■ Task
The following entries should be restated word for word, pictures excluded.

■ Extracted entries
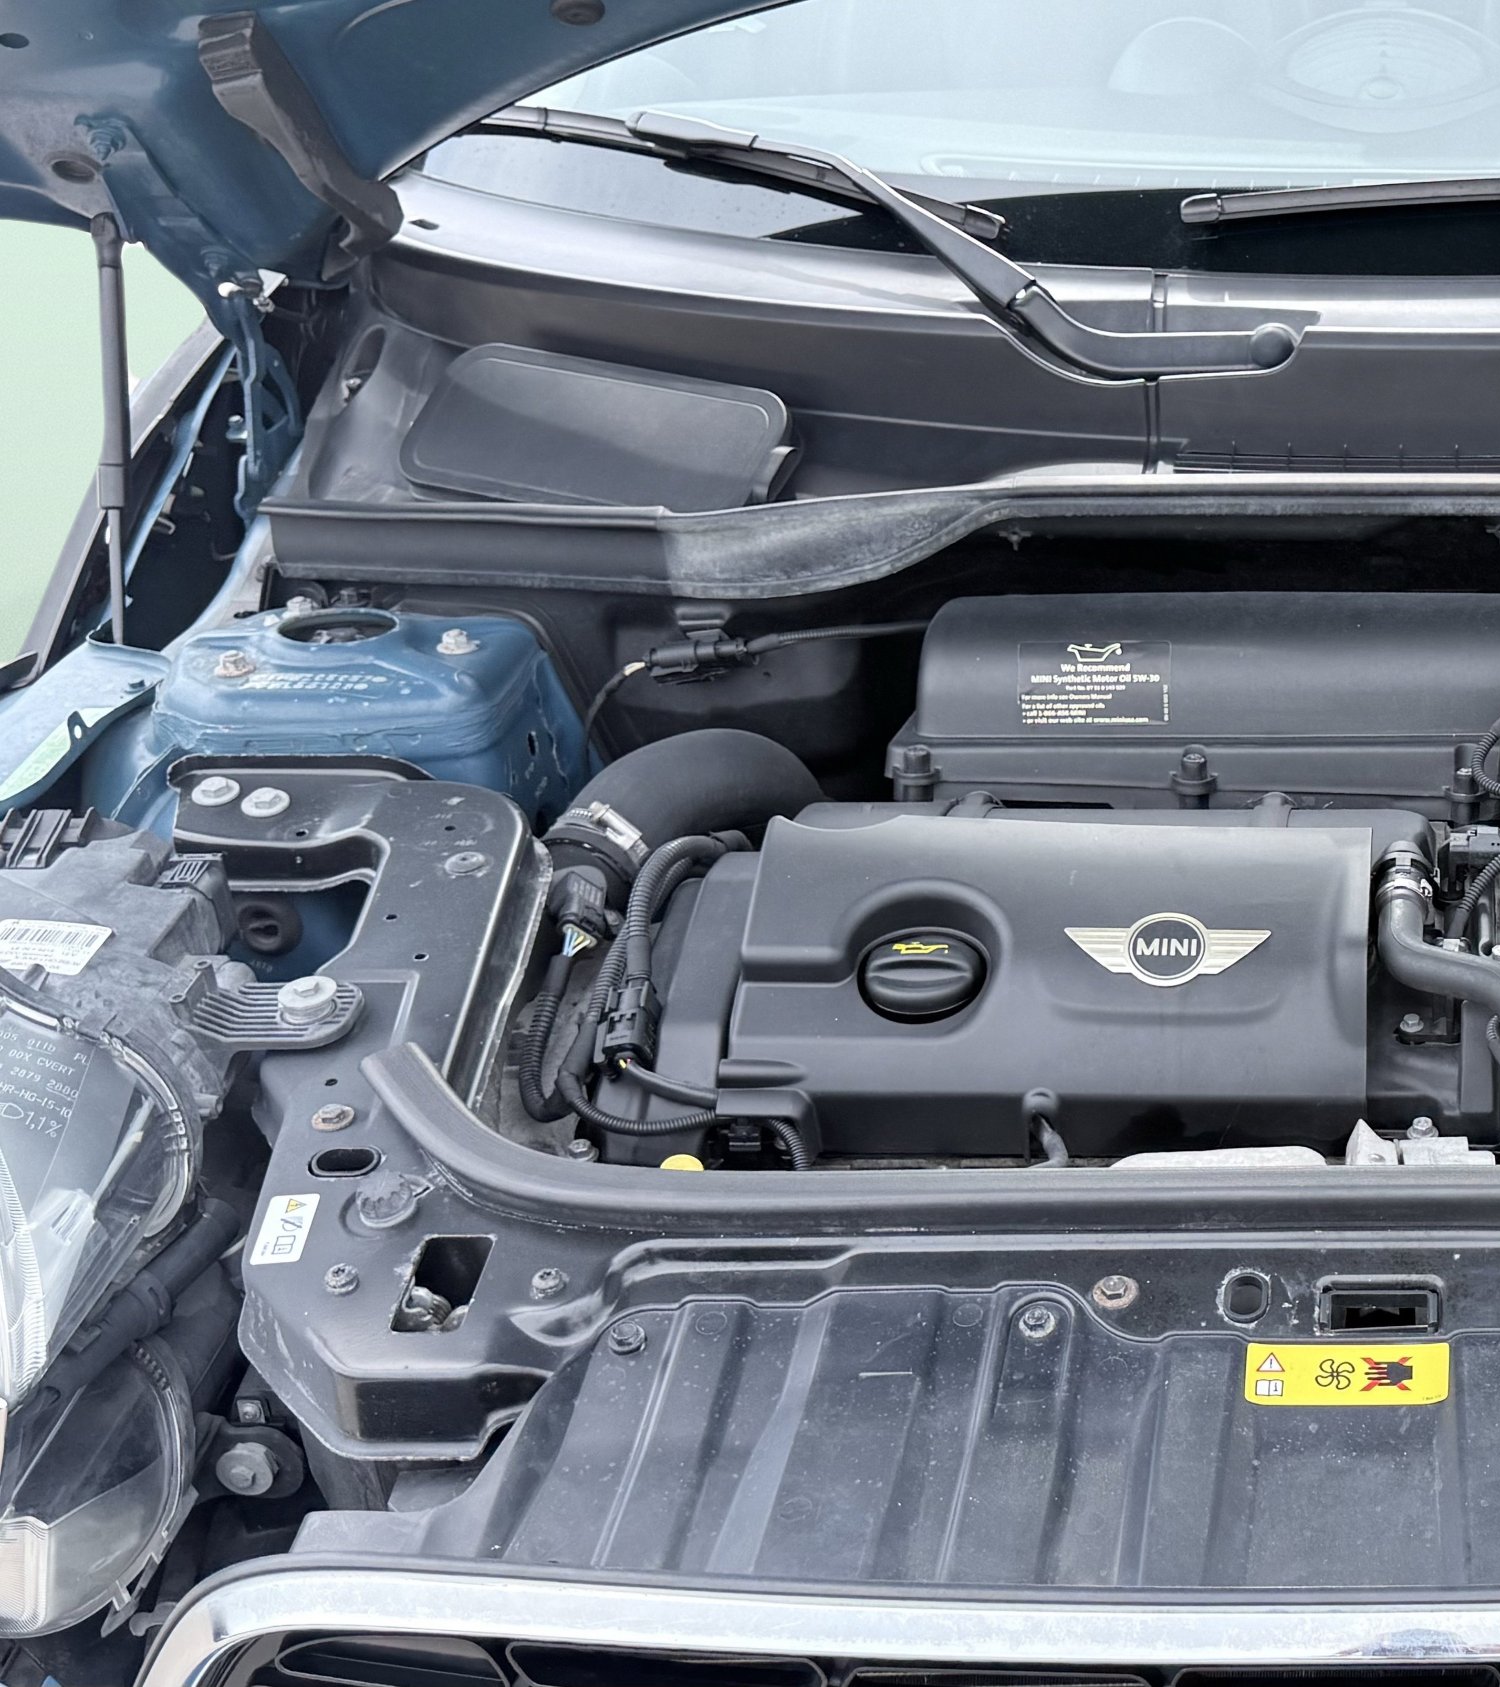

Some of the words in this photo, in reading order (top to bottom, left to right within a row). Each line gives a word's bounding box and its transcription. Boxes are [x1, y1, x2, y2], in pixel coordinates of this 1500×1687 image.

[1061, 663, 1076, 673] We
[1077, 662, 1131, 673] Recommend
[1053, 674, 1091, 686] Synthetic
[1092, 674, 1118, 683] Motor
[1119, 673, 1132, 683] Oil
[1132, 673, 1161, 683] 5W-30
[1136, 938, 1198, 957] MINI
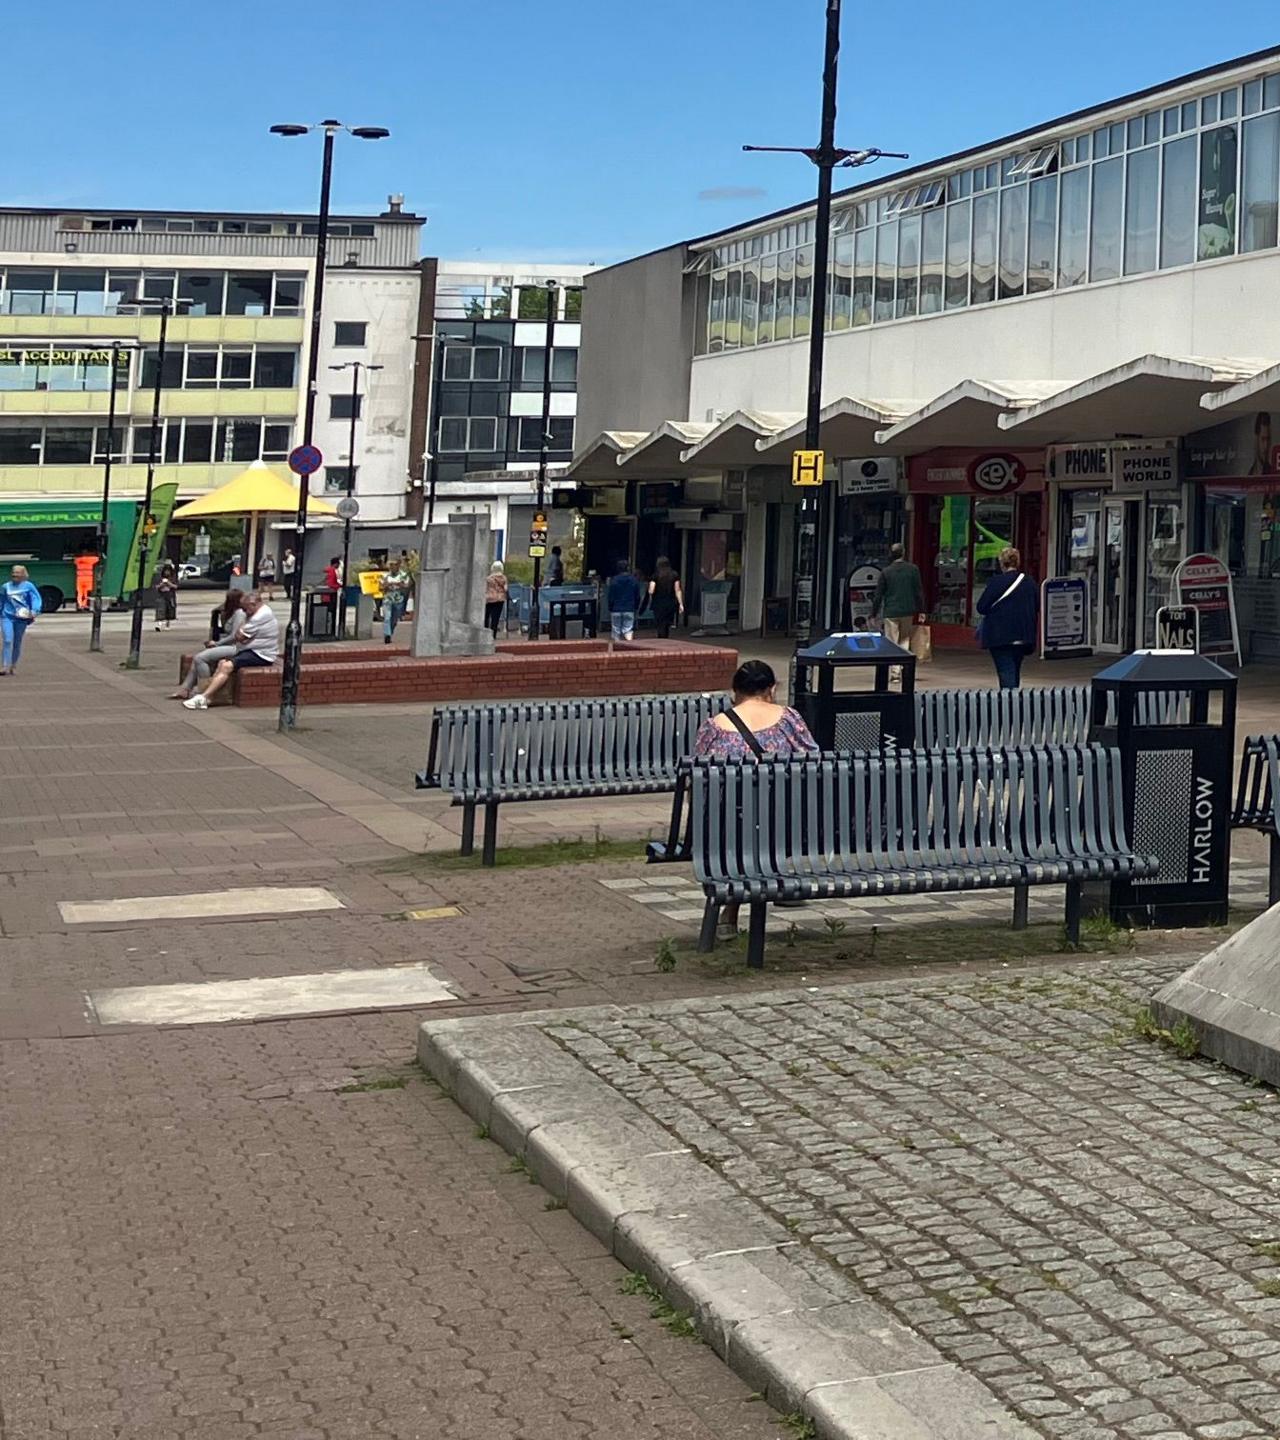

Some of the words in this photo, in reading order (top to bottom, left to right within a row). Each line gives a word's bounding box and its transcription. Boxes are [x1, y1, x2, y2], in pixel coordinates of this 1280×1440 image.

■ Completed exercise
Some of the words in this photo, in reading order (top to bottom, left to right within a row). Each line gives a word's bounding box and its transcription. Boxes are [x1, y1, x2, y2], in pixel coordinates of this 1500×1687 image.

[1061, 663, 1076, 673] We
[1077, 662, 1131, 673] Recommend
[1053, 674, 1091, 686] Synthetic
[1092, 674, 1118, 683] Motor
[1119, 673, 1132, 683] Oil
[1132, 673, 1161, 683] 5W-30
[1136, 938, 1198, 957] MINI

Some of the words in this photo, in reading order (top to bottom, left to right within a row). Each line gives a word's bounding box and its transcription. Boxes are [x1, y1, x2, y2], in pixel coordinates of this 1280×1440 image.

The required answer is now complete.